Our goal is to find an implementation of tables that takes less time than height-balanced binary search trees, in the average case. The starting point is the idea of a hash function, which takes a key and yields a nonnegative integer. For example, if a key is a string and h is a hash function then you might find that h("frog") = 3144099.

Suppose that you choose a number from 0 to n−1 at random, each value equally likely. Then you do the same thing again, independently of the first choice, yielding a second number. The probability of choosing the same value twice is 1/n.

Ideally, hash functions should behave similarly. But we take h(k) mod n to be sure there are only n possible values. The probability that two of the keys k1 and k2 satisfy h(k1) mod n = h(k2) mod n should be close to 1/n, as if they had been chosen at random.

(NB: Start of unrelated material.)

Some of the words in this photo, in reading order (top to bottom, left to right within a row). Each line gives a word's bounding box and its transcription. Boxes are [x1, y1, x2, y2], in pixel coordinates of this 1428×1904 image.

But a hash function is not really random at all. If you find that h("frog") = 3144099, then the next time you compute h("frog"), you will get the same answer, 3144099. No choice of hash function can always behave in a perfectly random way. But some hash functions do very well in practice at approximating what a truly random function would do.

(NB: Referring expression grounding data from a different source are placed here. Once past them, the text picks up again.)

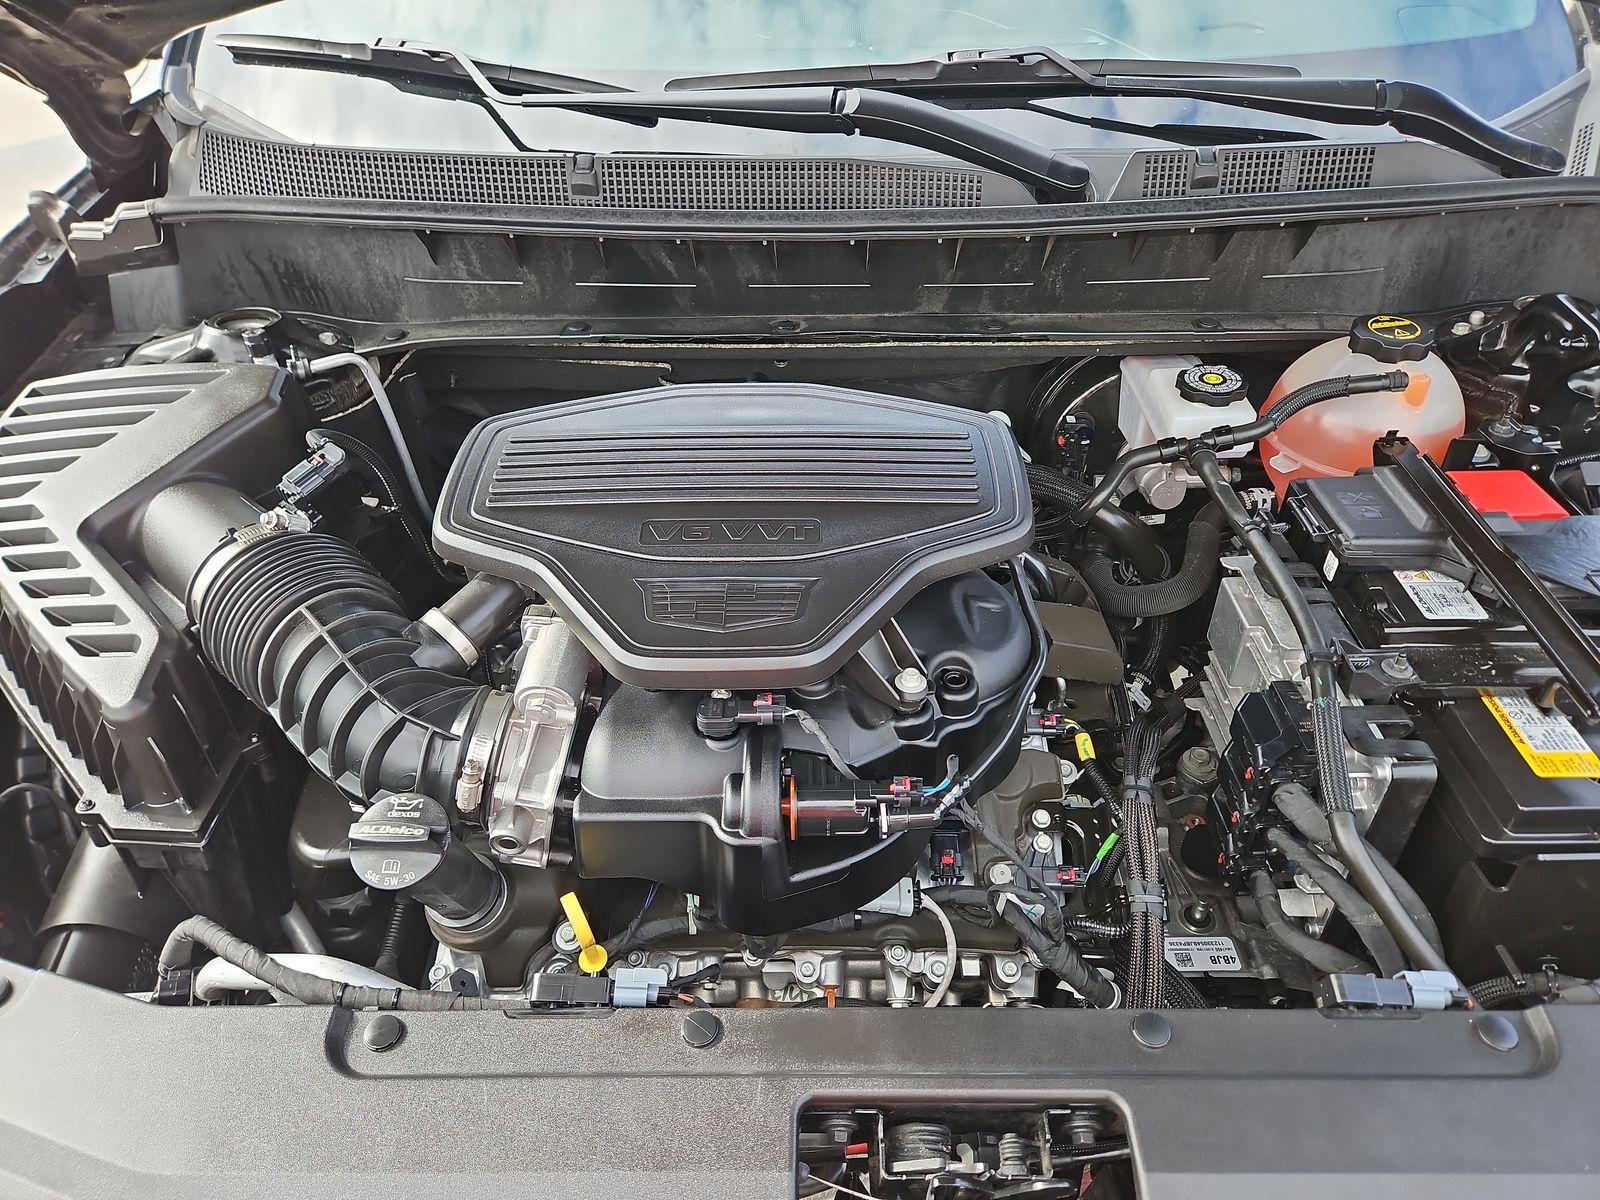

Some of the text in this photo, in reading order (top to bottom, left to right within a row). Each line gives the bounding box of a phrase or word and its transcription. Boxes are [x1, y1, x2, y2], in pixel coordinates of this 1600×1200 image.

[649, 523, 814, 541] V6 VVT
[387, 809, 421, 818] dexos
[358, 824, 425, 836] ACDelco
[364, 869, 416, 887] SAE 5W-30
[1209, 955, 1237, 965] 4BJB
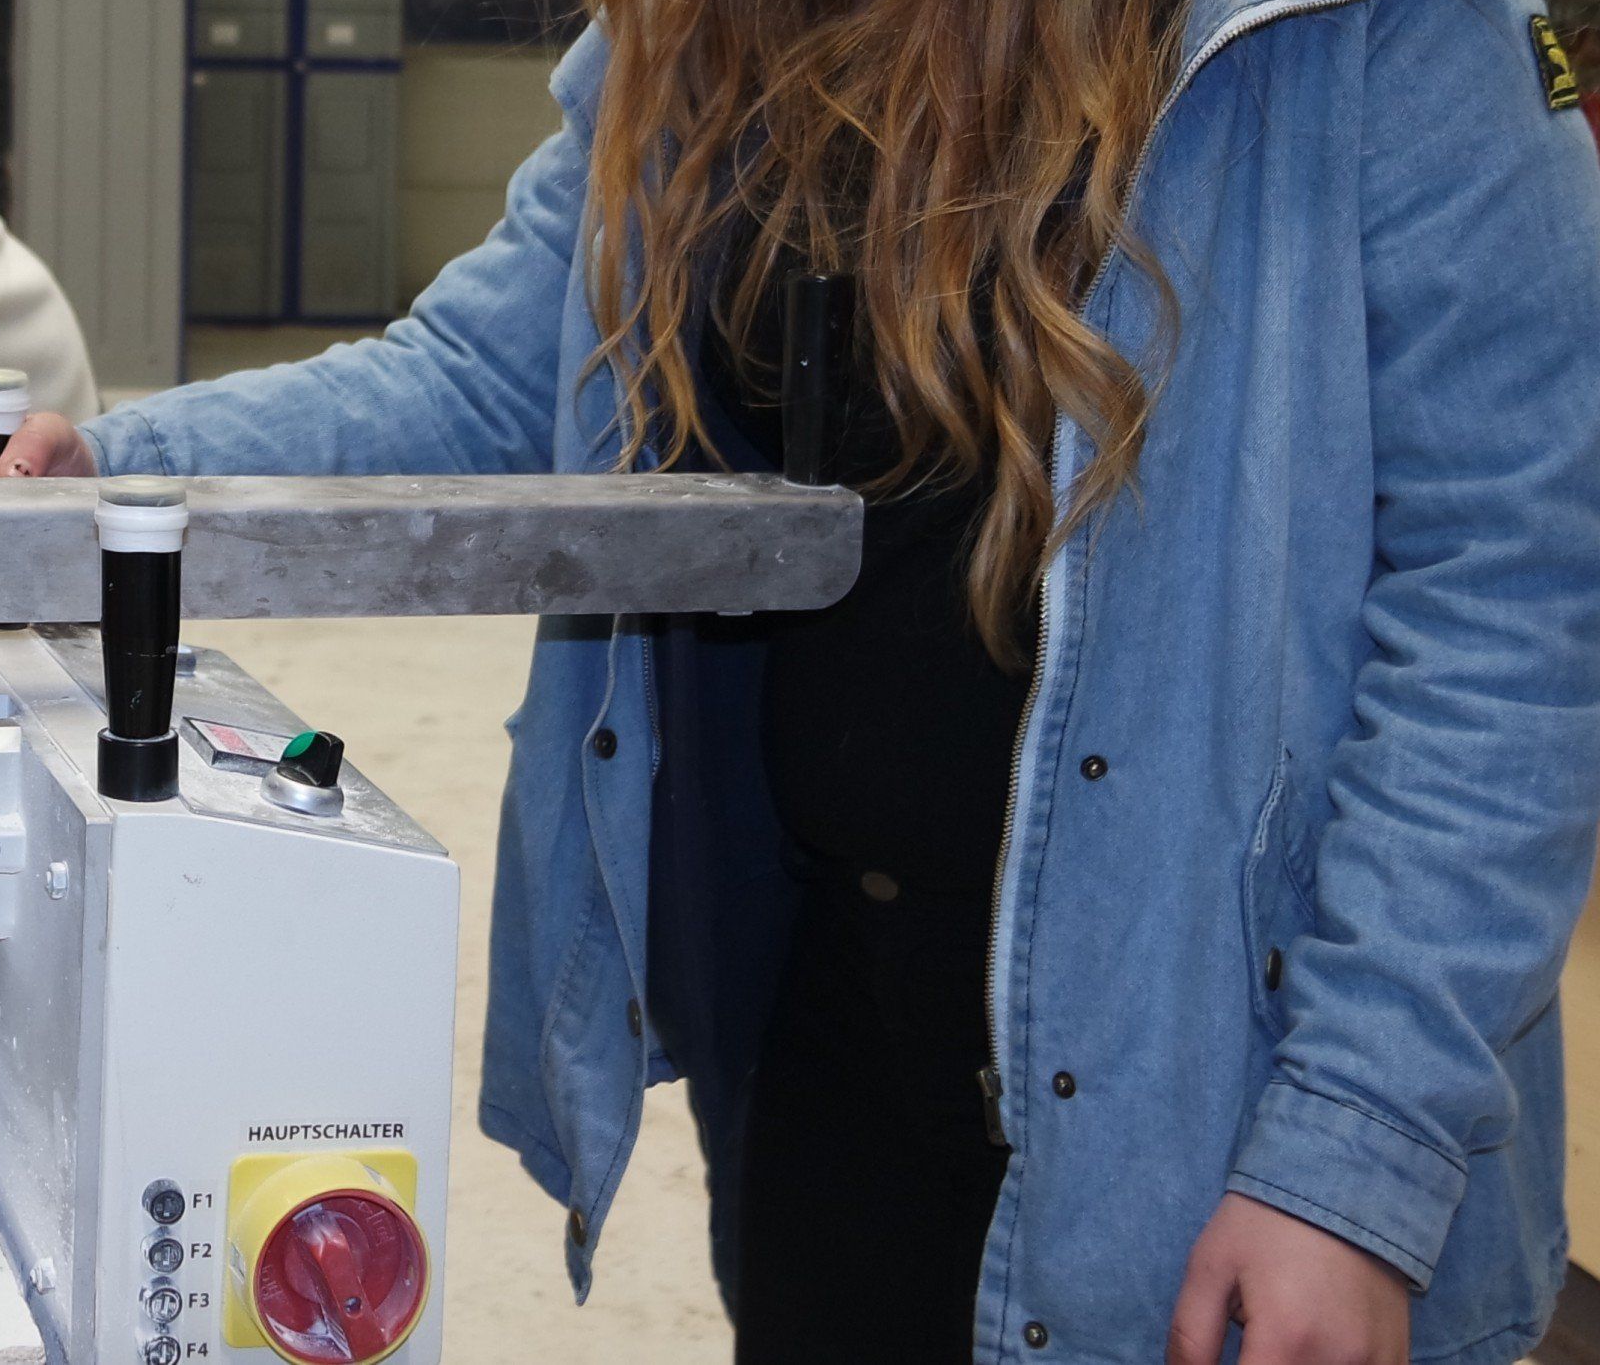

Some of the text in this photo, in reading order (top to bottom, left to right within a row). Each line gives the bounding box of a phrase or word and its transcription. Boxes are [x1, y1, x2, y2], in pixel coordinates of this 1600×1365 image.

[248, 1123, 404, 1142] HAUPTSCHALTER
[192, 1193, 213, 1208] F1
[190, 1243, 212, 1258] F2
[188, 1293, 210, 1308] F3
[186, 1343, 208, 1357] F4

Hash functions for strings

Strings are among the most common kinds of keys, so let's think about a hash function for strings. One idea is to get the integer values of the characters in the string and to add them up. For example, 'c' = 99, 'a' = 97 and 't' = 116, so this hash function would yield 99 + 97 + 116 = 312 for "cat". That is a simple hash function, but it is not very good. For example, it yields the same value for "act" and "sad" as for "cat".

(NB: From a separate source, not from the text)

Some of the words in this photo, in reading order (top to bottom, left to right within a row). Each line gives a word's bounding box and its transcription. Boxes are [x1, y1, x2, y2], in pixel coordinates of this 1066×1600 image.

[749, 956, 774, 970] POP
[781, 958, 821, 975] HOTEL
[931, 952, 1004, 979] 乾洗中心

A more sophisticated hash function for strings should try to keep more information about the characters in the string. It should certainly depend on the order of the characters. If only letters are allowed in a key string then you can think of the key as representing a number in base 26, each character being a digit.

But then the hash values can get very large, and that is impractical. Taking into account upper and lower case letters, digits and special symbols, there might be about 80 possible characters instead of 26, making a key represent a number in base 80, which makes the hash values even larger.

One way to reduce the size of the number is only to look a the first or last 4 characters. But then the hash function does not depend on all of the characters in the string, and it is not a good hash function.


A practical hash functions for strings

The following hash function is a practical one based partly on the idea of treating a string like a number. It yields a 32-bit integer result, which allows about 2 billion possible answers. As it sees new characters it shifts the result to the left by 4 bits and adds in the new character; it appears to treat each character as a digit in base 16. But this function does not only look at the low order 4 bits of a character: it adds in the entire character, so the 'digits' of this base 16 number can be from 0 to 255, and overlap.

But there is an important modification of the basic idea. Any part of the result that would be shifted off the left end is brought back around to the right end and combined with the result, to ensure that the result depends on all of the characters. This hash function is used in ELF executable and object files.

  //=============================================
  //              strhash
  //=============================================
  // strhash is a hash function for strings.
  // Parameter str is a null-terminated string.
  //=============================================

  int strhash(const char* str)
  {
    const char* p;
    int         g;
    int         h = 0;

    for(p = str; *p != '\0'; p++) 
    {
      h = (h << 4) + (unsigned int)(*p);
      g = h & 0xF0000000;
      if(g != 0)
      {
        h = h ^ (g >> 24);
      }
      h = h & ~g;
    }
    return h;
  }